Problem — The records come next. Copy all of them exactly.

(Free-text object descriptions)
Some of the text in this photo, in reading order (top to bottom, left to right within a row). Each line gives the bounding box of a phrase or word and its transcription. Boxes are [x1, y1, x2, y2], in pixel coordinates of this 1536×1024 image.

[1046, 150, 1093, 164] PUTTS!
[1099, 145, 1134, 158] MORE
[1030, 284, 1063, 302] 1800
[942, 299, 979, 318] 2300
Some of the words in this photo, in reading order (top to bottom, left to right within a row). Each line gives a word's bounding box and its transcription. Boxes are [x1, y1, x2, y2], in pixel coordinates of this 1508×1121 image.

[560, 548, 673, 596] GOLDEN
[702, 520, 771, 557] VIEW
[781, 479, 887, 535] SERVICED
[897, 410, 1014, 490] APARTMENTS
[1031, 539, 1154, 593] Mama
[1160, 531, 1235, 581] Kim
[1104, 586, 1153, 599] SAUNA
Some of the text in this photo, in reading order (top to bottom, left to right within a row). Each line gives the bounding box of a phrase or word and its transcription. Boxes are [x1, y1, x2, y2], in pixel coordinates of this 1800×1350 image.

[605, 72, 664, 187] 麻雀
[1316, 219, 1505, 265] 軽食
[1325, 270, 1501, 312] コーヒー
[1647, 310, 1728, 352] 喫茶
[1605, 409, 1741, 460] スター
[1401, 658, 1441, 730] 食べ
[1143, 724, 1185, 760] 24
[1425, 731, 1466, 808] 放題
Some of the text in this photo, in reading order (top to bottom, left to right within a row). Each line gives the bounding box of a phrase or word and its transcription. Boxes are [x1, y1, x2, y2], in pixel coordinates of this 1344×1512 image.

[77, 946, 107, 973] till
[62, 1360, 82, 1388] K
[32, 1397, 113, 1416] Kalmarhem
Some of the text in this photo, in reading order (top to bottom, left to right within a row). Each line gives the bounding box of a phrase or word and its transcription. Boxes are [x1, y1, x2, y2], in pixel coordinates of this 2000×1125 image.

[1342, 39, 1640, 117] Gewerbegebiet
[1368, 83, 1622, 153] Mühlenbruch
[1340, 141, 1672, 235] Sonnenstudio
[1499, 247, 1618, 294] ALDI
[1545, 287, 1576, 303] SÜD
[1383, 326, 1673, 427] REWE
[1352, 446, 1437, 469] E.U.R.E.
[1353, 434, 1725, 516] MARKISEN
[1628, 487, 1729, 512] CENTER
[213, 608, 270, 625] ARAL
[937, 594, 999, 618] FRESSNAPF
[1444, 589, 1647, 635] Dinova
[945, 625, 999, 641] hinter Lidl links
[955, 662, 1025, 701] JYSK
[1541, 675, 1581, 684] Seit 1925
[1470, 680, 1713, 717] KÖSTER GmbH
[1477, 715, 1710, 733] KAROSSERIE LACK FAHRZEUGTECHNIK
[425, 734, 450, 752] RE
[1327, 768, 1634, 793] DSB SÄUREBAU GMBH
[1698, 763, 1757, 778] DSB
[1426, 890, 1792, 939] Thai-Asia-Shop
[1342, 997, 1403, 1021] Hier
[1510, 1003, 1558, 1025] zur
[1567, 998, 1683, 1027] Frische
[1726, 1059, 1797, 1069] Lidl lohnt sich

Written answer —
Some of the text in this photo, in reading order (top to bottom, left to right within a row). Each line gives the bounding box of a phrase or word and its transcription. Boxes are [x1, y1, x2, y2], in pixel coordinates of this 1536×1024 image.

[1046, 150, 1093, 164] PUTTS!
[1099, 145, 1134, 158] MORE
[1030, 284, 1063, 302] 1800
[942, 299, 979, 318] 2300
Some of the words in this photo, in reading order (top to bottom, left to right within a row). Each line gives a word's bounding box and its transcription. Boxes are [x1, y1, x2, y2], in pixel coordinates of this 1508×1121 image.

[560, 548, 673, 596] GOLDEN
[702, 520, 771, 557] VIEW
[781, 479, 887, 535] SERVICED
[897, 410, 1014, 490] APARTMENTS
[1031, 539, 1154, 593] Mama
[1160, 531, 1235, 581] Kim
[1104, 586, 1153, 599] SAUNA
Some of the text in this photo, in reading order (top to bottom, left to right within a row). Each line gives the bounding box of a phrase or word and its transcription. Boxes are [x1, y1, x2, y2], in pixel coordinates of this 1800×1350 image.

[605, 72, 664, 187] 麻雀
[1316, 219, 1505, 265] 軽食
[1325, 270, 1501, 312] コーヒー
[1647, 310, 1728, 352] 喫茶
[1605, 409, 1741, 460] スター
[1401, 658, 1441, 730] 食べ
[1143, 724, 1185, 760] 24
[1425, 731, 1466, 808] 放題
Some of the text in this photo, in reading order (top to bottom, left to right within a row). Each line gives the bounding box of a phrase or word and its transcription. Boxes are [x1, y1, x2, y2], in pixel coordinates of this 1344×1512 image.

[77, 946, 107, 973] till
[62, 1360, 82, 1388] K
[32, 1397, 113, 1416] Kalmarhem
Some of the text in this photo, in reading order (top to bottom, left to right within a row). Each line gives the bounding box of a phrase or word and its transcription. Boxes are [x1, y1, x2, y2], in pixel coordinates of this 2000×1125 image.

[1342, 39, 1640, 117] Gewerbegebiet
[1368, 83, 1622, 153] Mühlenbruch
[1340, 141, 1672, 235] Sonnenstudio
[1499, 247, 1618, 294] ALDI
[1545, 287, 1576, 303] SÜD
[1383, 326, 1673, 427] REWE
[1352, 446, 1437, 469] E.U.R.E.
[1353, 434, 1725, 516] MARKISEN
[1628, 487, 1729, 512] CENTER
[213, 608, 270, 625] ARAL
[937, 594, 999, 618] FRESSNAPF
[1444, 589, 1647, 635] Dinova
[945, 625, 999, 641] hinter Lidl links
[955, 662, 1025, 701] JYSK
[1541, 675, 1581, 684] Seit 1925
[1470, 680, 1713, 717] KÖSTER GmbH
[1477, 715, 1710, 733] KAROSSERIE LACK FAHRZEUGTECHNIK
[425, 734, 450, 752] RE
[1327, 768, 1634, 793] DSB SÄUREBAU GMBH
[1698, 763, 1757, 778] DSB
[1426, 890, 1792, 939] Thai-Asia-Shop
[1342, 997, 1403, 1021] Hier
[1510, 1003, 1558, 1025] zur
[1567, 998, 1683, 1027] Frische
[1726, 1059, 1797, 1069] Lidl lohnt sich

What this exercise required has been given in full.